Text-generative AI presents a unique challenge to us as educators and theorists. While capable of producing rich and interesting texts, current platforms are not grounded in this humanistic understanding of language and writing. AI might best be understood as a kind of prosthetic intelligence—useful, but not fundamentally human. Further, text-generative AI pulls from a narrow range of data sets that not only do not reflect human individual and communal diversity, but are perhaps biased toward particular experiences and risk reproducing those experiences as normative, even dominant. The rich panoply of human language use and written engagement speaks to stylistic, ideological and expressive capacities of human experience and interconnection that far exceed what is currently produced by AI. Indeed, while AI might be able to produce some of the stylistic choices of embodied writers, including those who write from particular embodied and material conditions, it cannot itself know those conditions and write from experience of them. As such, it can produce approximations but not knowledge of embodied awareness in a world of unequal access to material and cultural resources.

How do such values translate into the classroom, especially the writing classroom? Our goal as higher educators who teach writing is to forward a richly humanistic understanding of language and writing. This does not mean that we exclude engagement with AI-generated text, but it does mean teaching students that human writing is one powerful enabler of complex thinking and one of the most powerful—and embodied—sites of interconnection between self and other, the individual and community.

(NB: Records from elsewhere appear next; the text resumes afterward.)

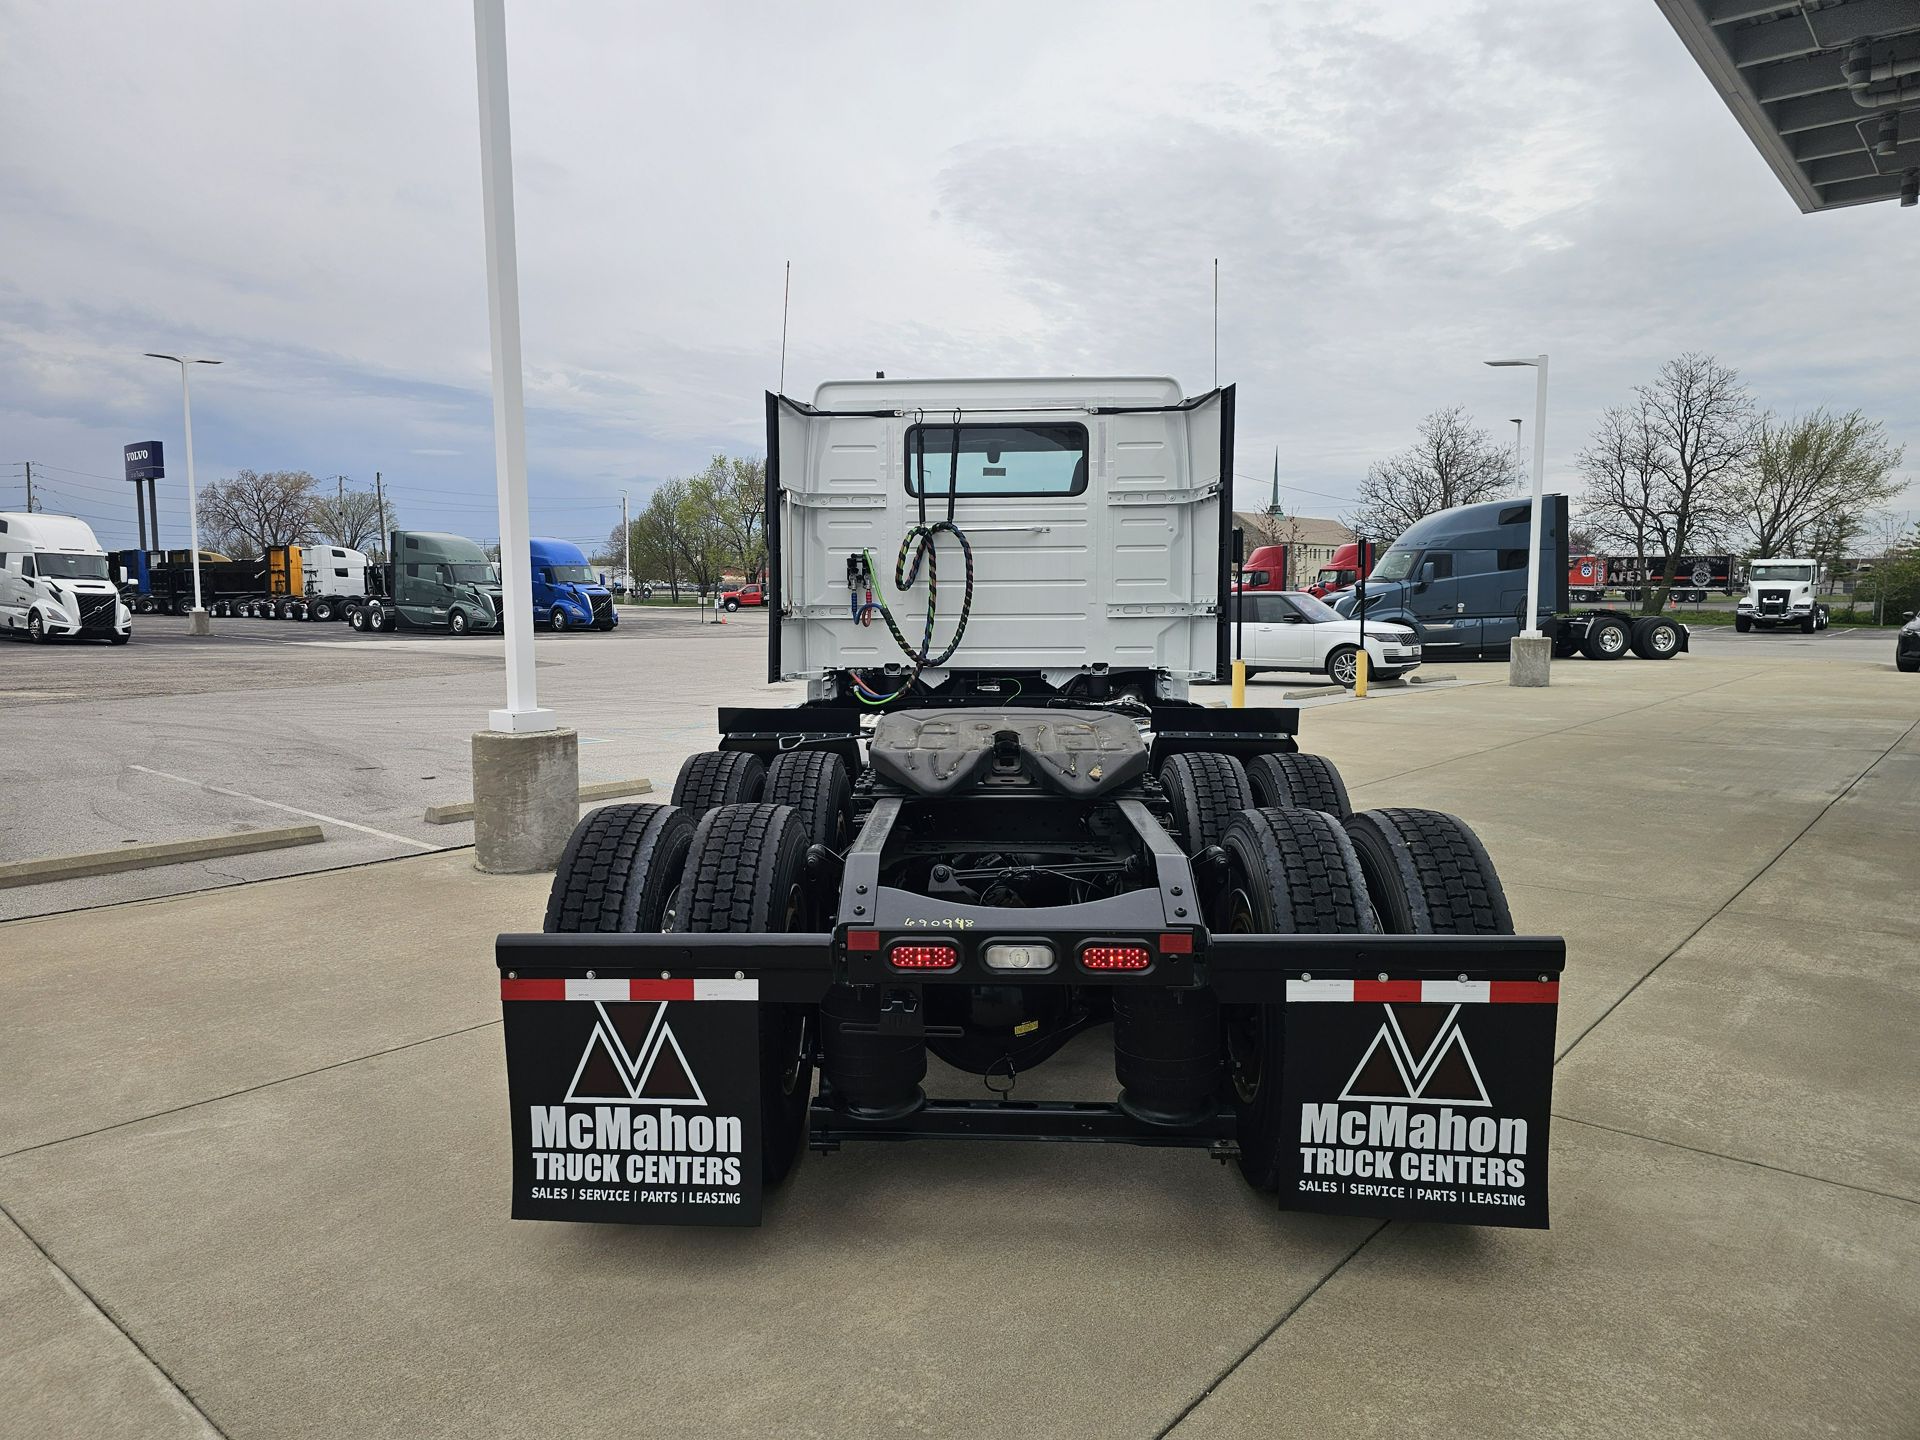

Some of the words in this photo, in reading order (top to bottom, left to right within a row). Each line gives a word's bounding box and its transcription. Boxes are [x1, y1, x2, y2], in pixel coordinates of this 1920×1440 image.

[126, 449, 148, 462] VOLVO
[530, 1105, 742, 1153] McMahon
[1300, 1103, 1528, 1155] McMahon
[532, 1152, 621, 1182] TRUCK
[626, 1154, 741, 1186] CENTERS
[1300, 1147, 1394, 1179] TRUCK
[1400, 1152, 1526, 1188] CENTERS
[531, 1187, 568, 1200] SALES
[579, 1188, 630, 1202] SERVICE
[640, 1190, 678, 1203] PARTS
[688, 1192, 741, 1205] LEASING
[1299, 1180, 1338, 1193] SALES
[1349, 1183, 1405, 1199] SERVICE
[1416, 1188, 1457, 1203] PARTS
[1469, 1191, 1526, 1207] LEASING

Further, the teaching of writing and communication, including consideration of digital tools enabling writing and communication, is very context-based. We as instructors and curriculum designers should always consider what skills, practices, habits of mind, and knowledge about writing and communication are best suited for students’ needs and development—in terms of students’ preparedness, the disciplines and domains in which they are asked to participate, and their placement in the overall learning trajectory of their collegiate careers. We should also consider that we cannot anticipate all of the kinds of writing our students may be asked to do or may want to do in their careers and in their lives. While we can’t prepare them for everything, we can offer them the richest possible experiences of writing.

With all of this in mind, and in the spirit of the 1974 statement on “Students’ Right to Their Own Language,” I propose the following:

  • Students have the right to high-quality instruction in writing and communication, including robust opportunities to explore their own writing and communication abilities in relationship to critical and creative thought.
  • Students have the right to be exposed to and learn about various tools, digital and otherwise, that enable writing and communication. This includes the development of critical literacy skills in understanding what such tools are able to do, what their limitations are, who has made them and to what purpose, and what social impact the use of such tools might incur.
  • Students have the right to understand the environmental impact of any writing and communication tool that they use or are asked to use.

There is so much more I could say about all of these points, and I hope interested readers and I can engage in “generative” and human conversation about these issues. But for now, suffice it to say that all students have the right to learn about, explore, develop, and experience a wide range of their own human, critical, and creative capacities to write. Any adoption or use of any digital tool should proceed from this basic understanding of what we as writing teachers do.

Jonathan Alexander is the Chancellor’s Professor of English at University of California, Irvine.